Se trata de obras cuyo sentido es apelar, por tanto, a la parte pasional, irracional, trasgresora y deseante del ser humano, en un momento, los comienzos de la Modernidad, en los que la ciencia y una pujante y paradójica religiosidad racionalista, el protestantismo, acomodándose al capitalismo emergente como señaló Max Weber, amenazaban con sepultar nuestro lado vivencial y emotivo; subsumiéndolo bajo la hegemonía totalitaria de una ilustración sin matices.

Es sabido que no hay mayor loco que el que se cree a si mismo completamente cuerdo: ese es el tipo de locura que nos trajo la racionalidad cientifista, propia de un positivismo que considera al ser humano como exclusivamente racional, amputando de este guisa la parte que hemos denominado, no sin motivos, como religiosa. Pero a esa pretensión, peligrosamente empobrecedora y unidimensional, plantó cara la escultura castellana, evolucionando desde el clasicismo renacentista y el manierismo (en los que podemos incluir a Juan de Juni y Alonso Berruguete) hasta llegar al esplendor barroco de Gregorio Fernández o Francisco del Rincón. Todos ellos son ejemplos de lo que podemos denominar arte de lo sagrado, utilizando aquí este término en el sentido, tan sugerente y evocador, que le diera Georges Bataille.

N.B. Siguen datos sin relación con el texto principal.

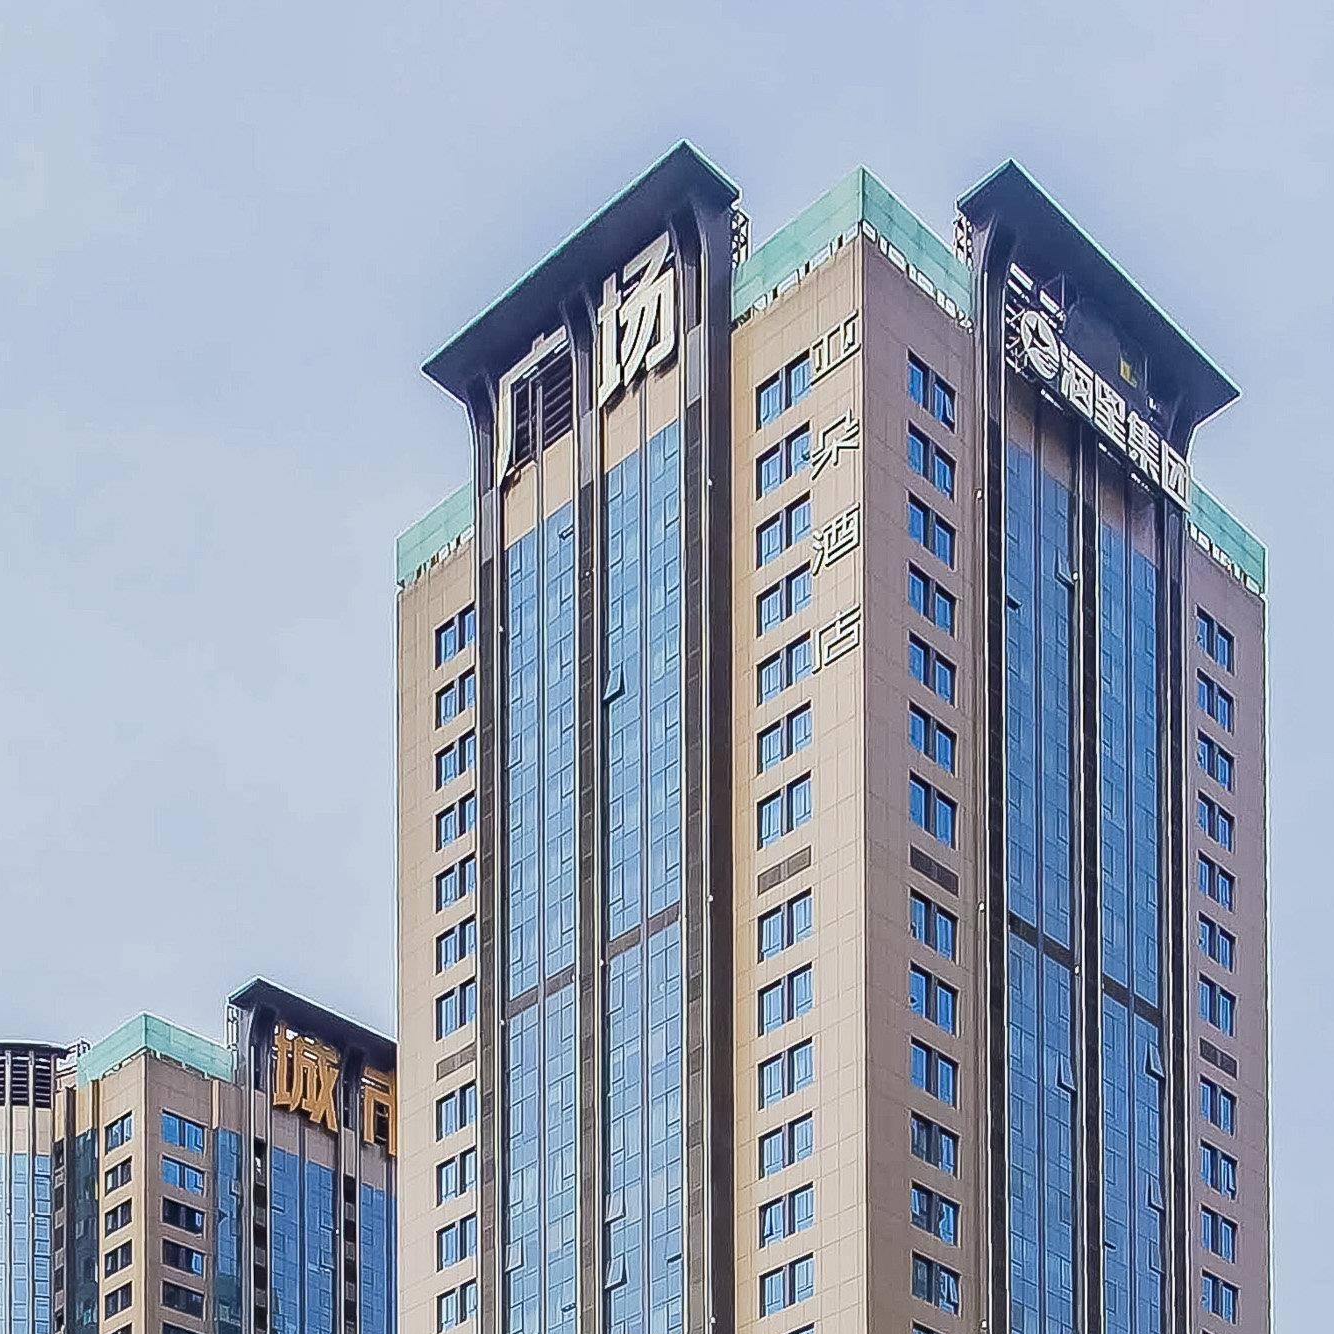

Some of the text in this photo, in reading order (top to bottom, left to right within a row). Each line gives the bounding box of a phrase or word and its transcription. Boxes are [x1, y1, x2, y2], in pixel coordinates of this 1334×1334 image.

No obstante, con el transcurso del tiempo la tiranía moderna que busca imponer la exclusividad de la ciencia y de la racionalidad, acabó triunfando, a veces violentamente (pensemos en la revolución francesa), provocando una respuesta no menos radical y extrema, la reacción romántica; réplica exacerbada en la que lleva enfrascado el arte desde entonces, metamorfoseándose en sucesivas y reincidentes vanguardias que la van prolongando, mediante la reivindicación ya sin más, fuera de todo ámbito sagrado, del lado oscuro y psicopático, como intento desquiciado de dejar constancia de una olvidada verdad (aunque sea parcial) del hombre para, de este modo, poder escapar como sea del asfixiante corsé racionalista. Y en esa esquicia que nos disocia irreparablemente, pues establece la incompatibilidad entre la pragmática racionalidad positivista y la exaltada subjetividad romántica, seguimos instalados todavía.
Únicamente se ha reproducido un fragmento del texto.